Robert Louis Stevenson celebrated the imaginative magic of the comforter in his famous children’s poem “The Land of Counterpane.” And down on Cape Breton Island, Joanne Turner is still honouring the venerable folk art of the quilt. Each year, the 75-year-old member of Trinity Anglican Church, in the parish of Sydney Mines with Baddeck, crafts several beautiful patterned comforters and gives them away to charity or nursing home residents.
“I work on them over the winter and into the spring. It probably takes me about three or four months,” said Turner, who returned to Cape Breton in 1995 after a career as a medical lab technician in cities all over Canada.
Last year, with bids starting at $300, one of her inspirational quilts ultimately fetched $5,000 in a silent auction that travelled church to church the length and breadth of the island. Turner had donated the queen-size coverlet to the Anglican Church Women Nova Scotia Board’s annual project, 2015-16, entitled “Ability to Live with Spirit,” with proceeds going to the ALS Society of New Brunswick and Nova Scotia.
The design, “Desert Flower,” breathes the spare, spiritual quality of the American Southwest. “It was developed by Elizabeth Whitehead, based, I think, on designs of the Navajo Indians,” said Turner, who takes her overall concepts from magazines such as American Quilt Sampler. Then she brings a lab technician’s precision to cutting her own work patterns for the appliqués.

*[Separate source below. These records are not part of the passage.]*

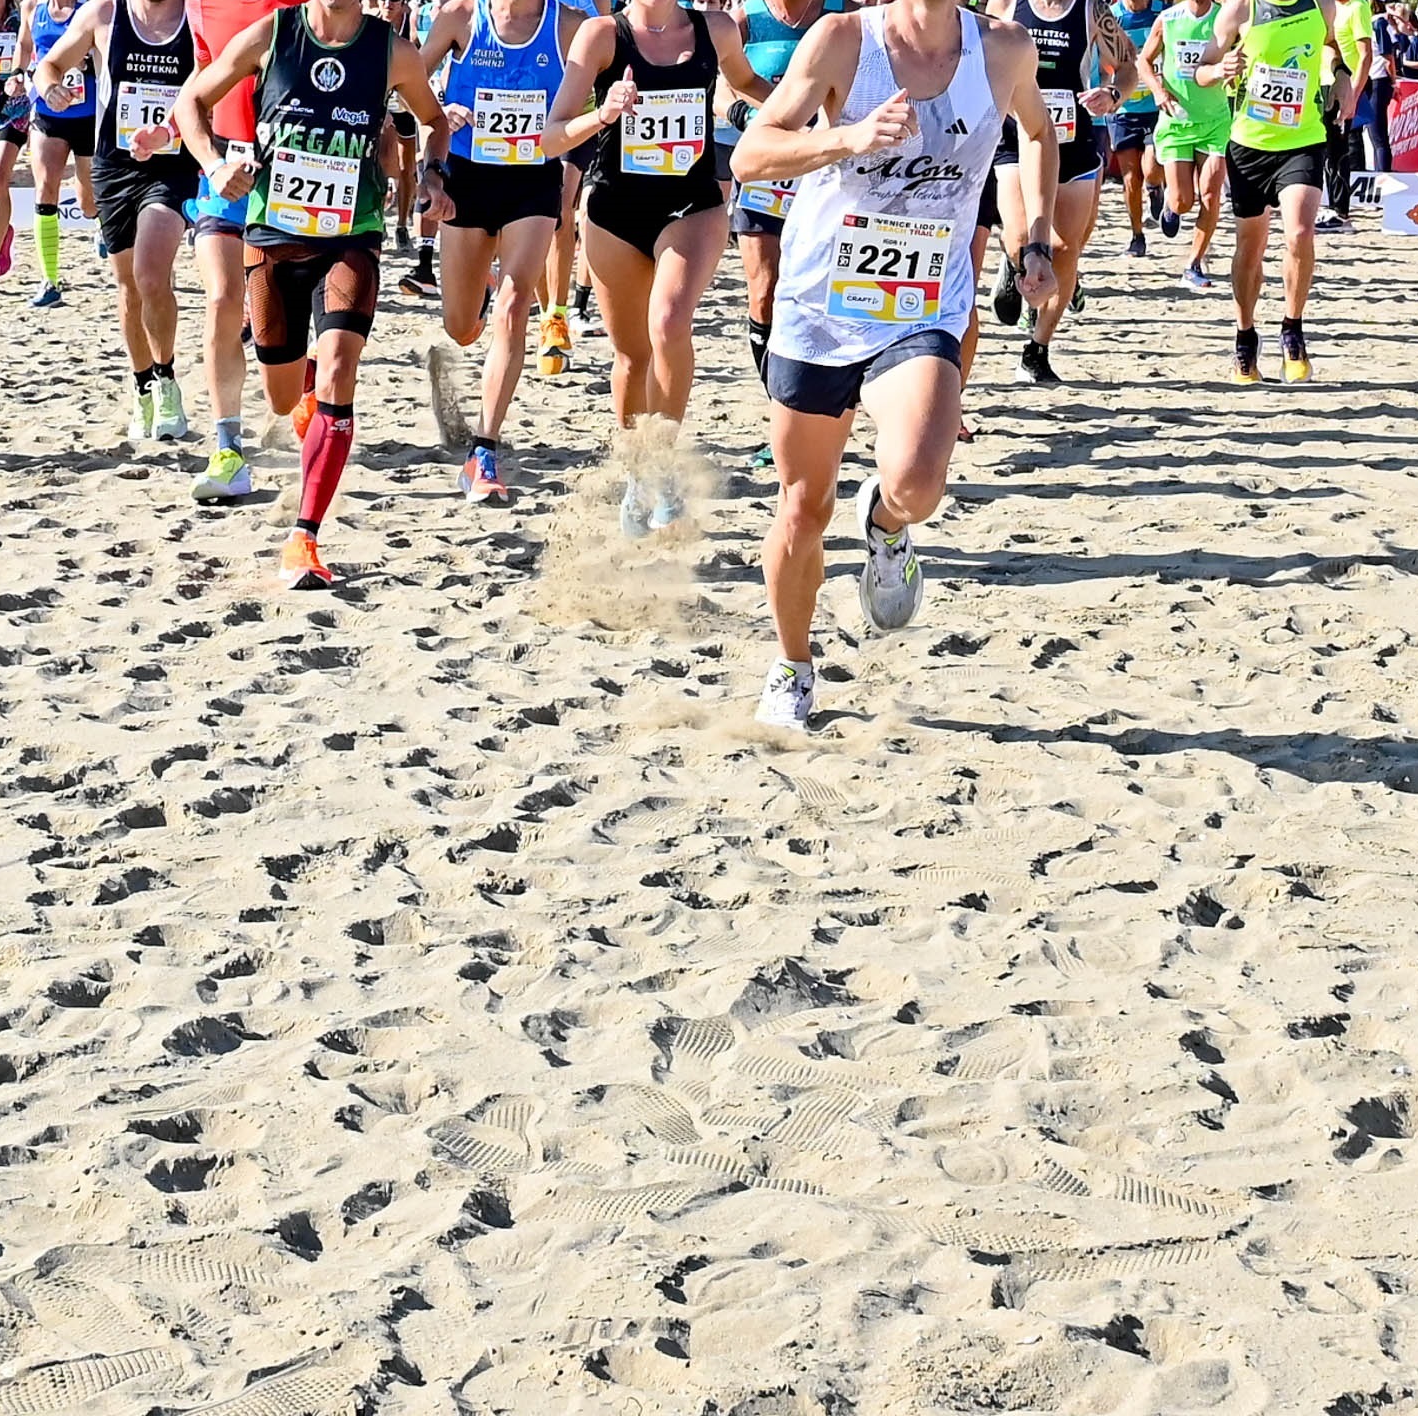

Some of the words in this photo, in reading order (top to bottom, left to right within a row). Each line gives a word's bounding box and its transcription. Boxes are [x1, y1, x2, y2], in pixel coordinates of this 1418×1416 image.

[1027, 28, 1070, 40] ATLETICA
[1033, 37, 1070, 48] IOTEKNA
[126, 52, 180, 65] ATLETICA
[473, 49, 504, 58] ATLETICA
[126, 63, 179, 75] BIOTEKNA
[1260, 83, 1294, 103] 226
[140, 104, 165, 126] 16
[489, 112, 532, 135] 237
[640, 115, 686, 141] 311
[287, 176, 336, 207] 271
[878, 218, 911, 229] VENICE
[914, 222, 936, 231] LIDO
[909, 228, 933, 237] TRAIL
[856, 244, 920, 280] 221
[846, 295, 873, 303] CRAFT

Designs aside, Turner’s comforters are meant to be warm and practical. “I make those quilts to be on the bed,” she said flatly.
A member of the Golden Arm Quilters, based at St. James Presbyterian Church in Sydney Mines, Turner recently donated a quilt that raised $1,300 for a local nursing home. And another piece is destined to raise funds to help her granddaughter’s Irish dance troupe visit Ireland next year. Taking shape now on her frame is a butterfly quilt, based on a delicate design inspired by ladies’ antique handkerchiefs.
The winning quilt. Photo: Contributed
But Turner’s Christian charity extends far beyond donating her finely crafted quilts. She also volunteers at Alderwood Nursing Home several times a week, serves as a lay reader at Trinity and gives presentations to the children of the church. “One time, she told them the story of pretzel making and actually gave them a lesson in how to make pretzels,” said the Rev. Stacey LeMoine, rector of Trinity Anglican’s 100-plus family parish. “She’s an amazing, positive, creative person. Everyone just loves Joanne— especially her infectious laugh. What a laugh she has!”
And quilt making seems to run in Cape Bretoners’ blood. Trinity’s own quilting group makes “touch quilts” for local Alzheimer’s patients. “They are very tactile, and the patients like to trace the square with their fingers,” said LeMoine.